With campaign spending on last week’s crowded New Jersey gubernatorial primary topping $122 million, the governor’s race is on pace to be the most expensive election in state history. The majority of the spending, $67.6 million, came from super PACs rather than campaigns. Super PAC spending for the primaries has already eclipsed its prior record for an entire election year of $42 million in 2021.
The contest is the latest example of elections being increasingly taken over by groups that can raise and spend unlimited amounts, a system created by the Supreme Court’s 2010 Citizens United decision and the equally misguided theory that if the candidate doesn’t get the money directly, there’s no risk of corruption. Citizens United has led to runaway spending by wealthy interests in federal elections, and now state races are following suit.
Super PACs are allowed to raise unlimited sums because they are legally independent of campaigns, which faced $5,800 limits on contributions in this primary. But candidates try to guide supportive outside groups. It’s common for campaigns to publish photos and videos for super PACs to use in ads, and they put out strategy memos that signal how super PACs could help, as Democratic nominee Mikie Sherrill and others’ campaigns did.

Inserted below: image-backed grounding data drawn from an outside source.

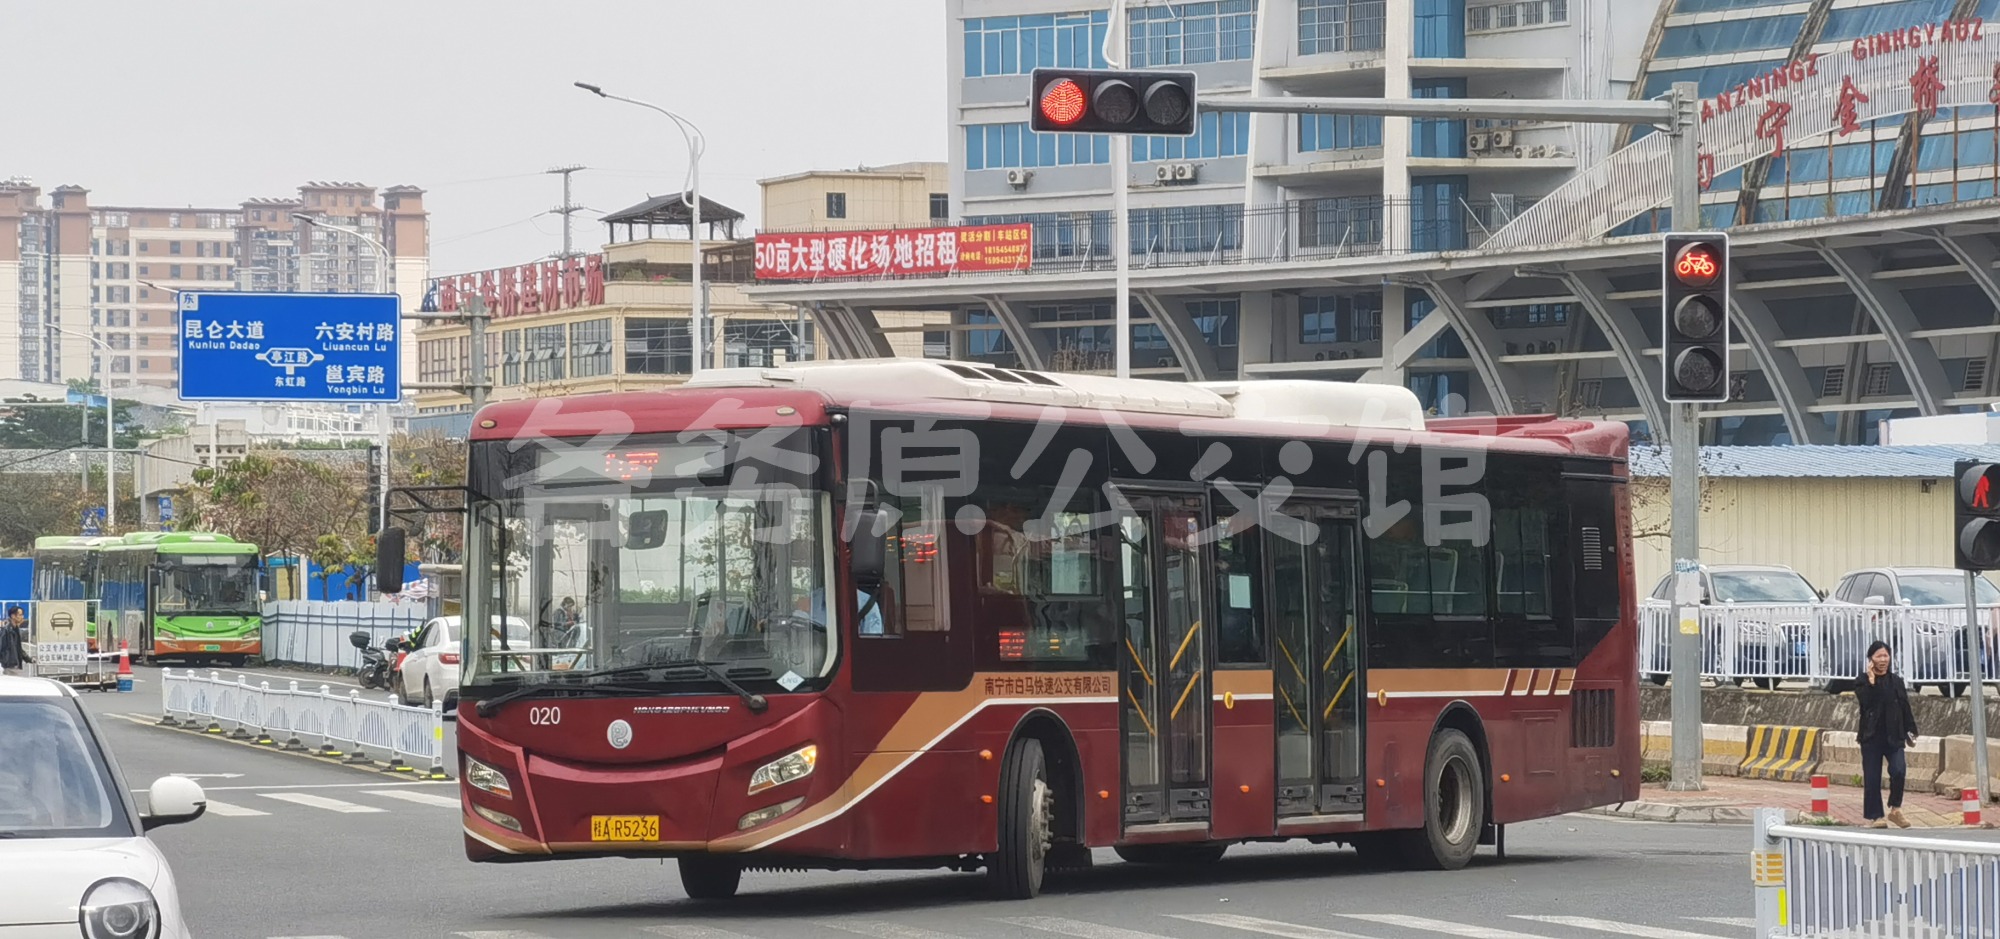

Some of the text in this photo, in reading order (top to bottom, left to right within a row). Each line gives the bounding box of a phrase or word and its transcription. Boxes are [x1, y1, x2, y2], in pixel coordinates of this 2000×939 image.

[1701, 52, 1818, 123] ANZNINGZ
[755, 231, 957, 273] 50亩大型硬化场地招租
[440, 254, 605, 324] 南宁金桥建材市场
[184, 294, 194, 304] 东
[185, 319, 265, 339] 昆仑大道
[315, 322, 395, 341] 六安村路
[189, 341, 260, 350] Kunlun Dadao
[322, 342, 387, 351] Liuancun Lu
[271, 351, 309, 363] 亭江路
[274, 376, 306, 387] 东虹路
[326, 365, 385, 384] 邕宾路
[327, 385, 385, 395] Yongbin Lu
[984, 676, 1111, 695] 南宁市白马快速公交有限公司
[530, 707, 561, 725] 020

Sherrill was boosted by $3.8 million from One Giant Leap PAC. Its biggest donations include $900,000 from a PAC funded by the Laborers International Union, $250,000 from DoorDash, and $200,000 from tech entrepreneur Reid Hoffman, a resident of Washington State.

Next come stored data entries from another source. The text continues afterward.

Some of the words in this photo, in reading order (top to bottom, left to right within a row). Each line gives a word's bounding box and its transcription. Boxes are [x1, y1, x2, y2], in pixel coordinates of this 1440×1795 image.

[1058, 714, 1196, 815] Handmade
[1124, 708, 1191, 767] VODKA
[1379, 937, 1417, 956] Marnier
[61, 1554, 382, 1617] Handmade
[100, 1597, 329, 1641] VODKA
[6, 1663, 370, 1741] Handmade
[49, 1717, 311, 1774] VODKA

Republican nominee Jack Ciattarelli benefited from $1.3 million in spending by Kitchen Table Conservatives, which garnered $500,000 from a group funded by Uber Technologies, $100,000 from investor Alan Fournier, and $90,000 from Garden State Success, an education advocacy group with major funding from an Oregon dark money group, Campaign for Great Public Schools. (Garden State Success also gave $160,000 to One Giant Leap.)

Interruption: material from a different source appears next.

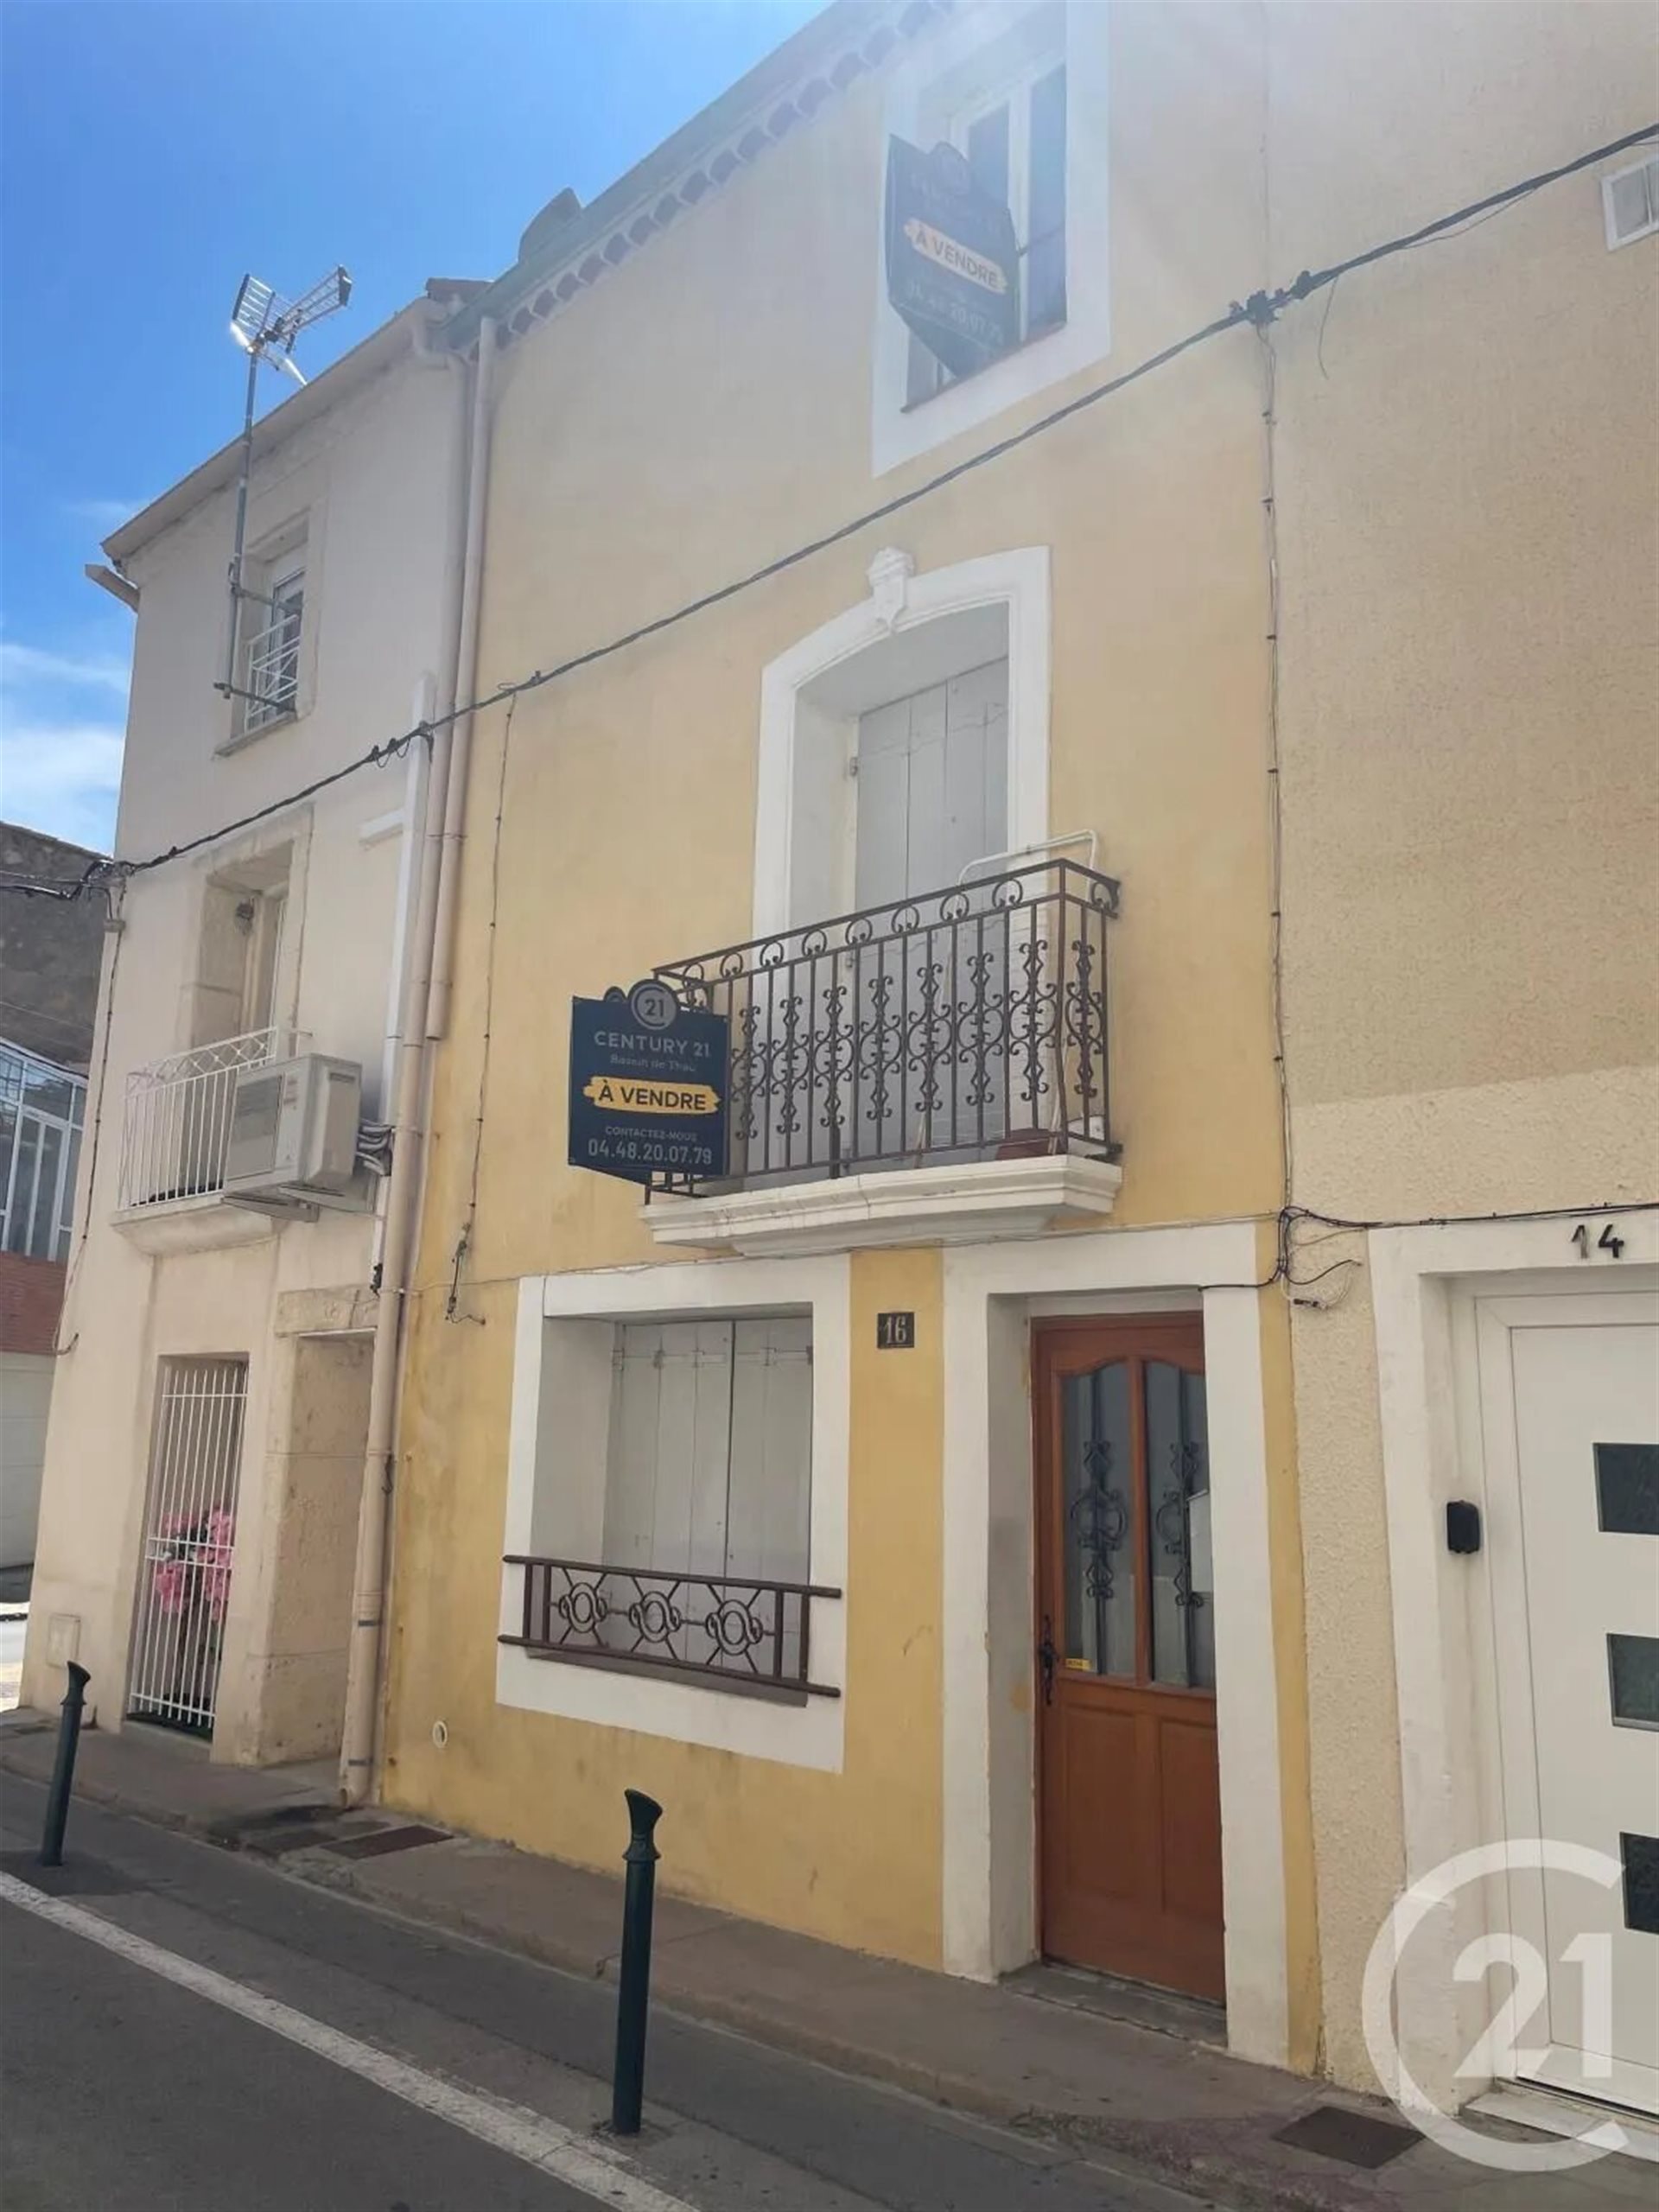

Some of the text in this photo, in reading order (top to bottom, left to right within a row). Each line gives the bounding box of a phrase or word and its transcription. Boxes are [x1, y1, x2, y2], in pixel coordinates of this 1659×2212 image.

In another indication that candidates can view supportive super PACs as essentially an alter ego of their campaigns, Sherrill sent $127,500 from her congressional campaign committee to One Giant Leap. The congressional campaign of Rep. Josh Gottheimer (D) dwarfed that amount, however, transferring $11.7 million to a super PAC in his corner, Affordable New Jersey. Transferring these large sums to nominally independent groups allows candidates to evade laws that would restrict them from moving money directly from a federal committee to a state one.
The primary also featured one of the starkest examples yet of a campaign outsourcing its operation to a super PAC. New Jersey Education Association union president Sean Spiller, who finished fifth, raised less than half a million dollars for his campaign account. But his union fully funded a super PAC that spent over $37 million on his failed bid, an example of how union member dues or corporate shareholder value can be funneled into campaigns.
The contest also illustrated the trend of out-of-state and national interests disguising their spending by setting up groups with local-sounding names, something that can mislead voters because the group name appears in source disclaimers on political ads. Uber, headquartered in California, set up Fair & Affordable New Jersey and funded it with $3.7 million. The group also donated $500,000 to Kitchen Table Conservatives, favoring Ciattarelli, and $1 million to a group called Workers for a Better New Jersey that backed unsuccessful Democrat Steve Fulop. And the national Democratic Governors Association set up a group called Greater Garden State with $100,000.
Candidates’ reliance on super PAC spending is especially notable in New Jersey because the state offers public funding to gubernatorial candidates. Candidates who participate and qualify get a 2-to-1 public match on donations, and their spending is limited to $8.7 million in a primary. Almost all of this year’s major candidates joined the program.
Because New Jersey’s program matches all donations regardless of size, it does little to encourage candidates to seek out small donations rather than large ones. And the cap on candidate spending — enacted long before Citizens United — may ironically be encouraging outside money. Other public financing systems, like the one in New York State, have a better approach, offering a greater match ratio focused on small donations from constituents, which rewards candidates for focusing on small-dollar fundraising in the communities they represent. The state should also consider eliminating the spending limit and enacting stronger restrictions on candidates collaborating with super PACs, as New York City recently did.
When he signed New Jersey’s program into law in 1974, Gov. Brendan Byrne said that it “will remove from the office of the Governor the evil of the large, private contributions.” This year’s election seems to show that the program needs updating.